──────── Supplied data

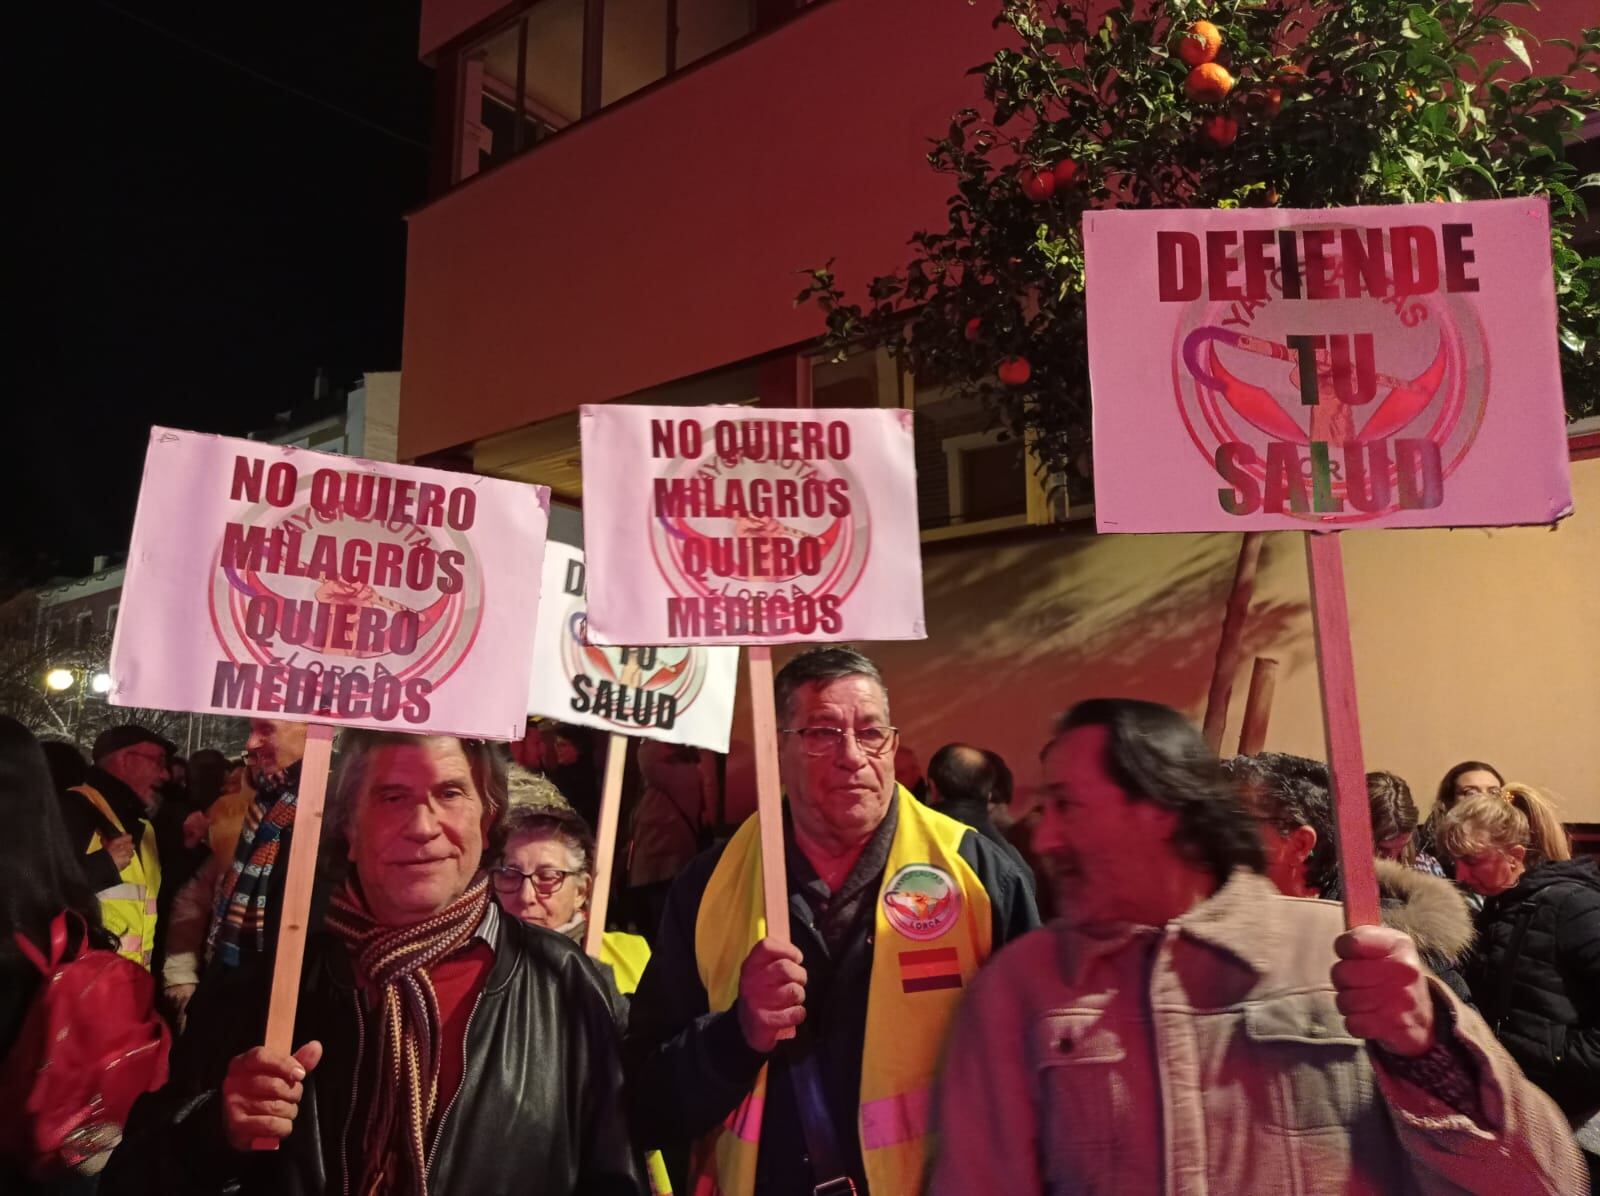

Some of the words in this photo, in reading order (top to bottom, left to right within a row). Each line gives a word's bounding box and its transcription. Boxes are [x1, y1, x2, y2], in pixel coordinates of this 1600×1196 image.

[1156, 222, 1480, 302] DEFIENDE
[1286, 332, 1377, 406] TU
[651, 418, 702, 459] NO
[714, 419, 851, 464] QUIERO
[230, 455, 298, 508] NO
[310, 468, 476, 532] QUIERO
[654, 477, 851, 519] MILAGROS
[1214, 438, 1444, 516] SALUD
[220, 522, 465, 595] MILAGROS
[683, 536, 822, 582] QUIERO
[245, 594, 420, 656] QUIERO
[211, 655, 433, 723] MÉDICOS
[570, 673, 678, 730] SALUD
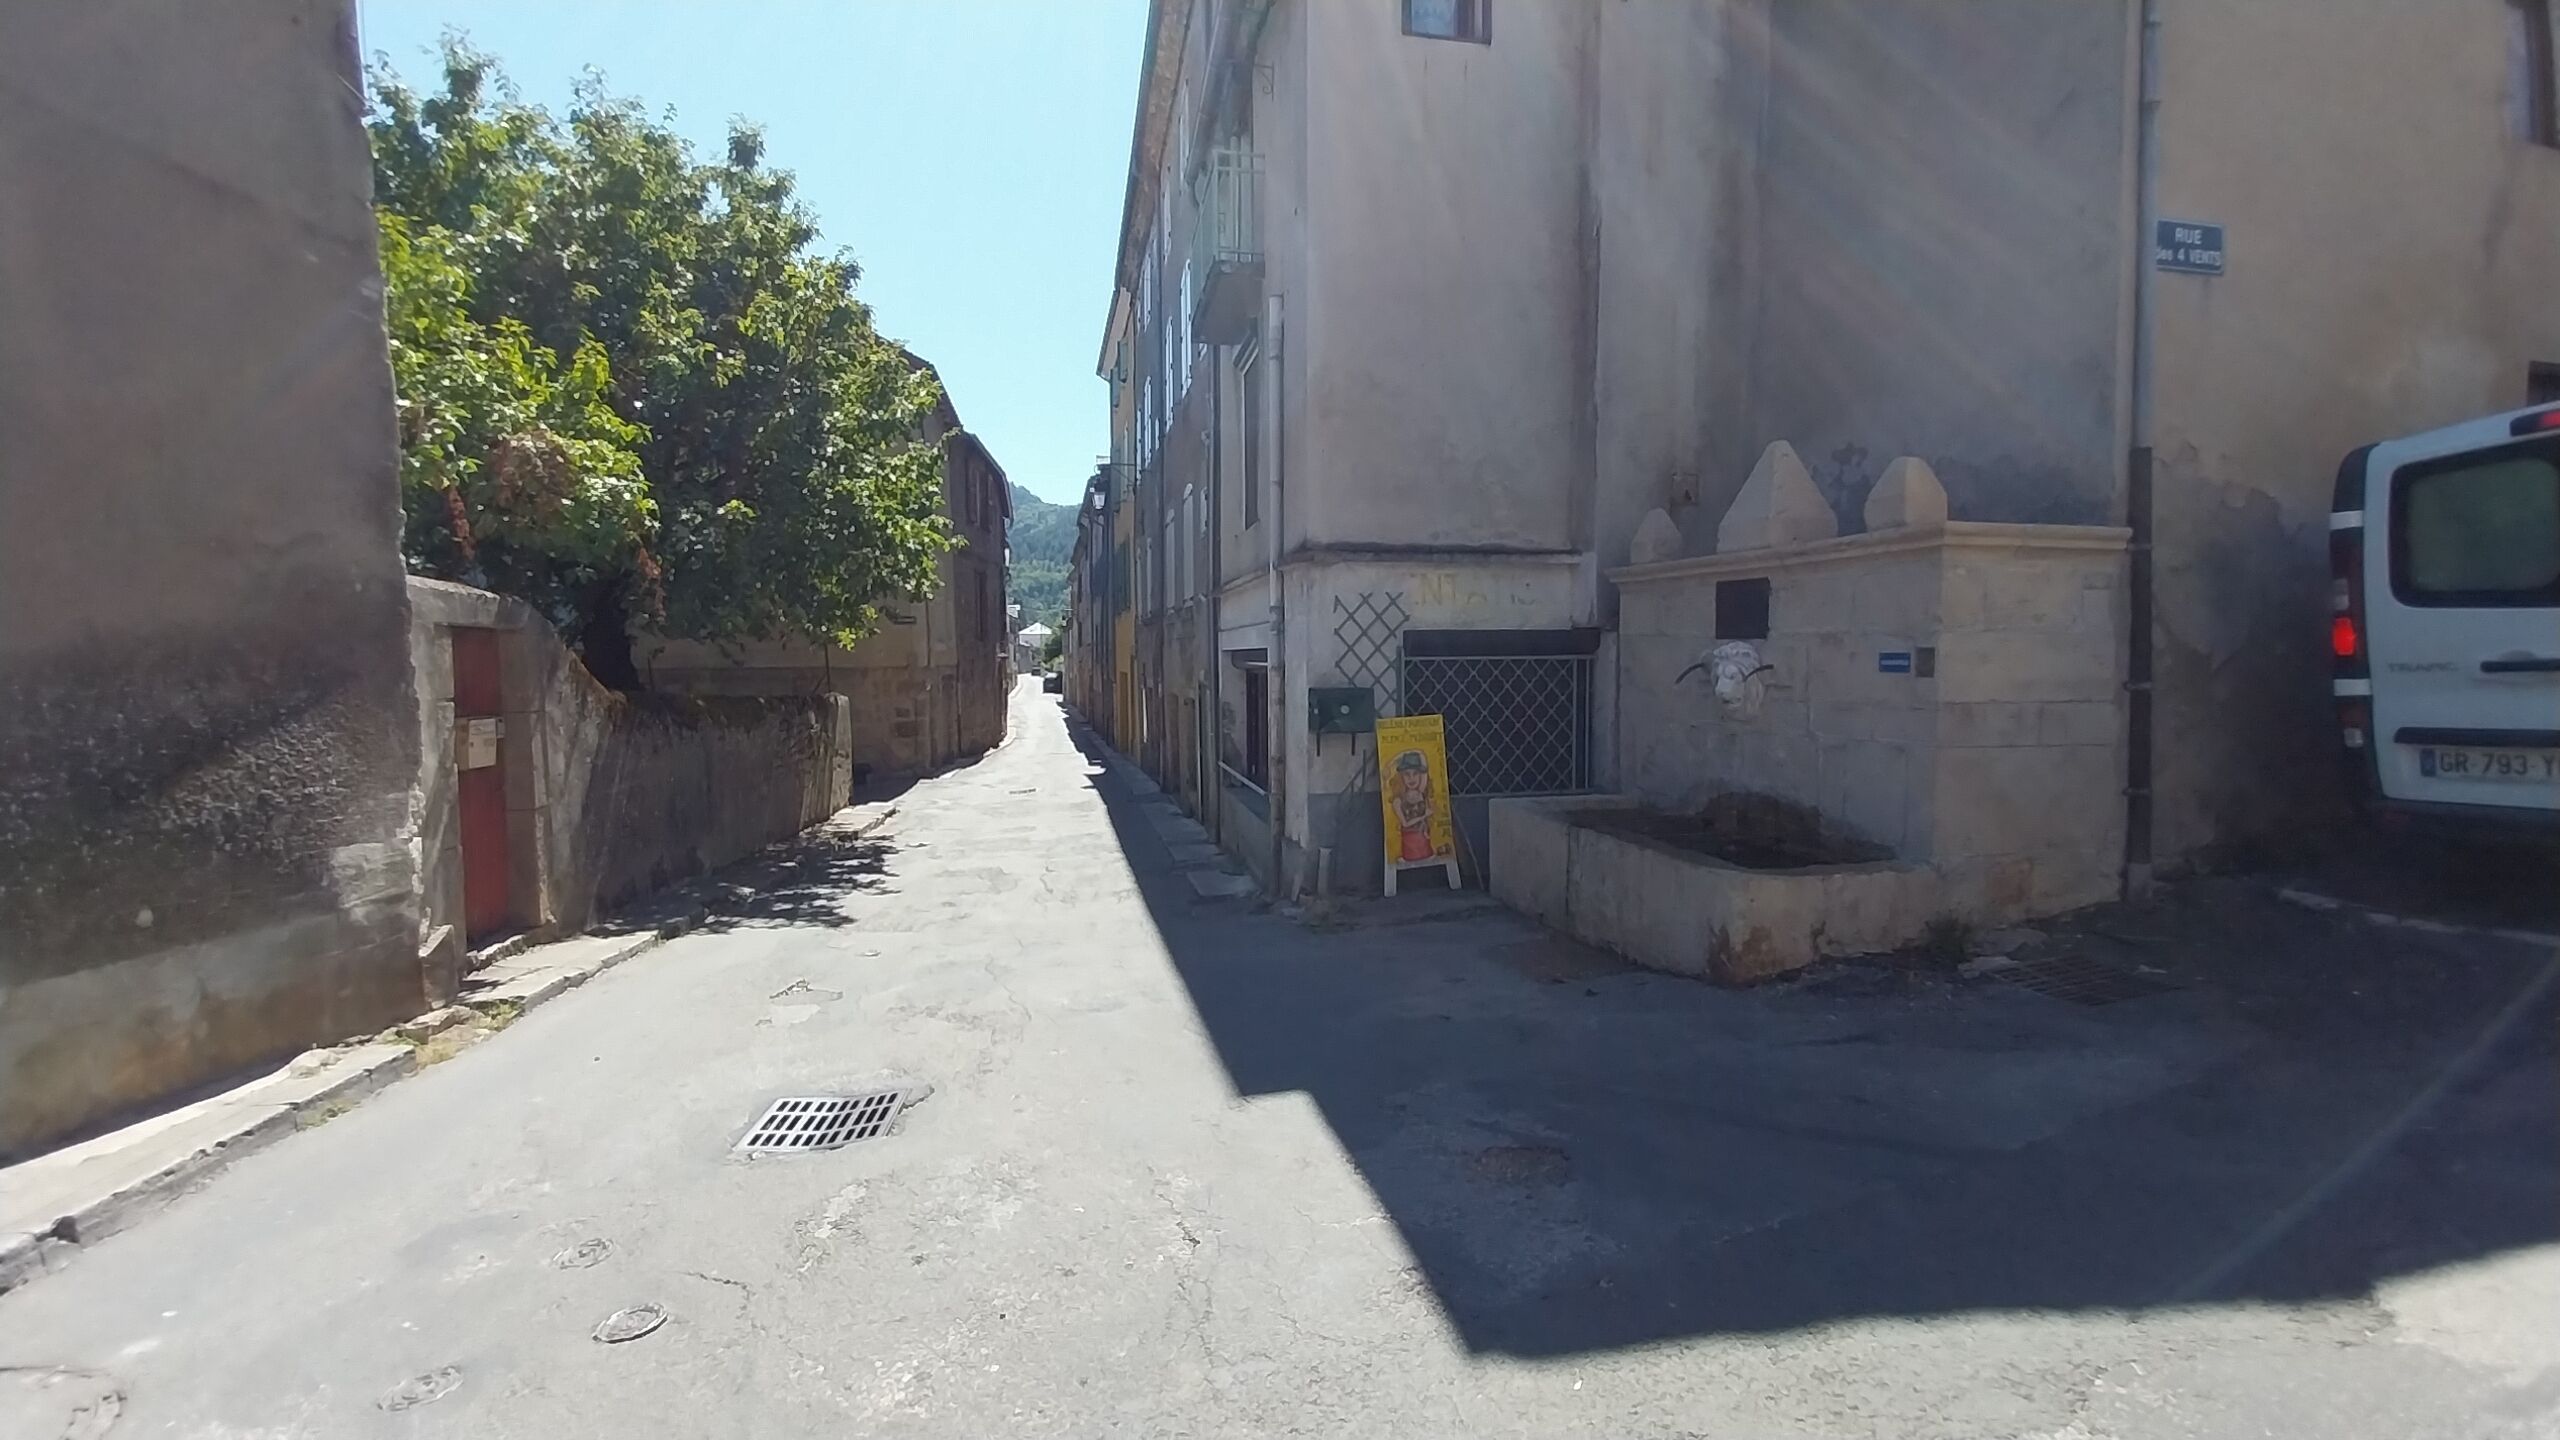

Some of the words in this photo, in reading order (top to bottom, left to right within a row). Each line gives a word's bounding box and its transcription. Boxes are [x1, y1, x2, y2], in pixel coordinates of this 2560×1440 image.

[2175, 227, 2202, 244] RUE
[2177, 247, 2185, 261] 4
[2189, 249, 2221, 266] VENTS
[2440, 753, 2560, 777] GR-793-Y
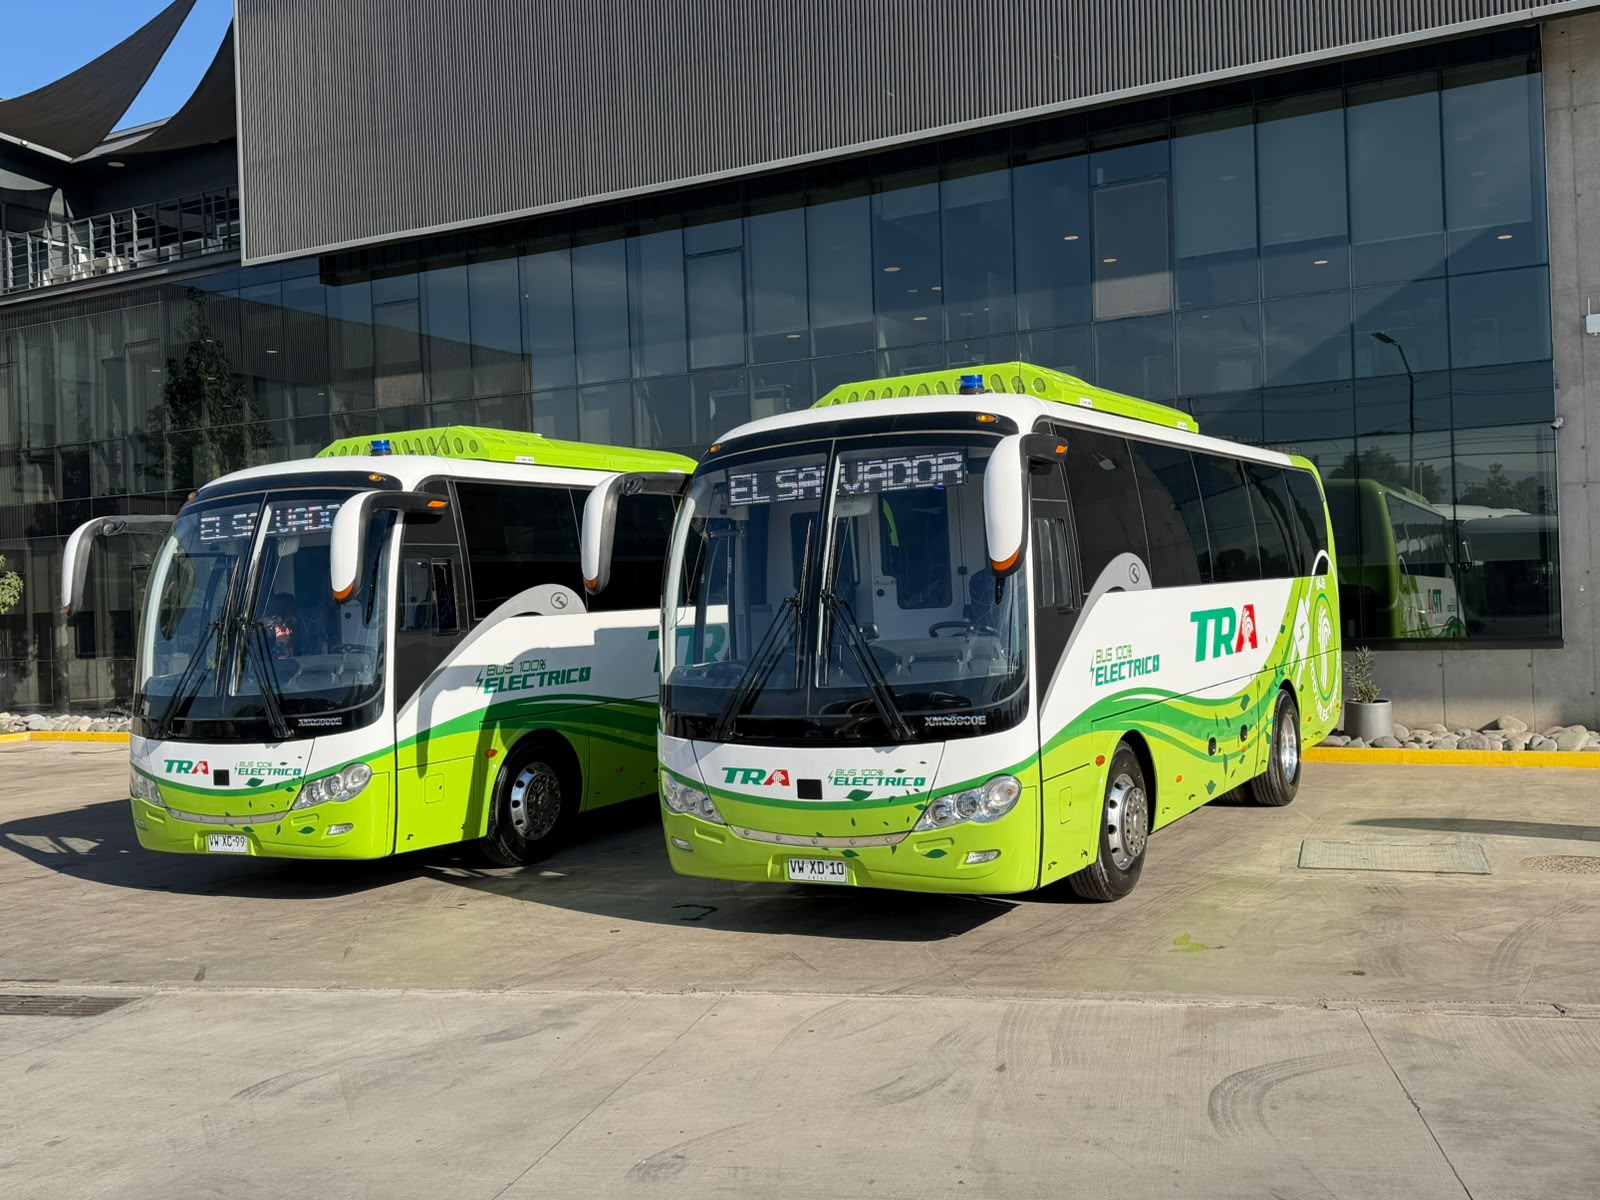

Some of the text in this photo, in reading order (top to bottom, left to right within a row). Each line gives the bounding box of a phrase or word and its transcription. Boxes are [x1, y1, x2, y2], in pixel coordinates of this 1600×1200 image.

────────────────

_Assigned task_:
The task calls for repeating each line above exactly while excluding the pictures.

_Written answer_:
Some of the words in this photo, in reading order (top to bottom, left to right within a row). Each line gives a word's bounding box and its transcription. Boxes are [x1, y1, x2, y2], in pixel coordinates of this 1600×1196 image.

[1156, 222, 1480, 302] DEFIENDE
[1286, 332, 1377, 406] TU
[651, 418, 702, 459] NO
[714, 419, 851, 464] QUIERO
[230, 455, 298, 508] NO
[310, 468, 476, 532] QUIERO
[654, 477, 851, 519] MILAGROS
[1214, 438, 1444, 516] SALUD
[220, 522, 465, 595] MILAGROS
[683, 536, 822, 582] QUIERO
[245, 594, 420, 656] QUIERO
[211, 655, 433, 723] MÉDICOS
[570, 673, 678, 730] SALUD

Some of the words in this photo, in reading order (top to bottom, left to right within a row). Each line gives a word's bounding box and its transcription. Boxes are [x1, y1, x2, y2], in pixel coordinates of this 2560×1440 image.

[2175, 227, 2202, 244] RUE
[2177, 247, 2185, 261] 4
[2189, 249, 2221, 266] VENTS
[2440, 753, 2560, 777] GR-793-Y

Some of the text in this photo, in reading order (top to bottom, left to right within a row). Each line gives the bounding box of a phrase or word and its transcription. Boxes are [x1, y1, x2, y2], in pixel coordinates of this 1600×1200 image.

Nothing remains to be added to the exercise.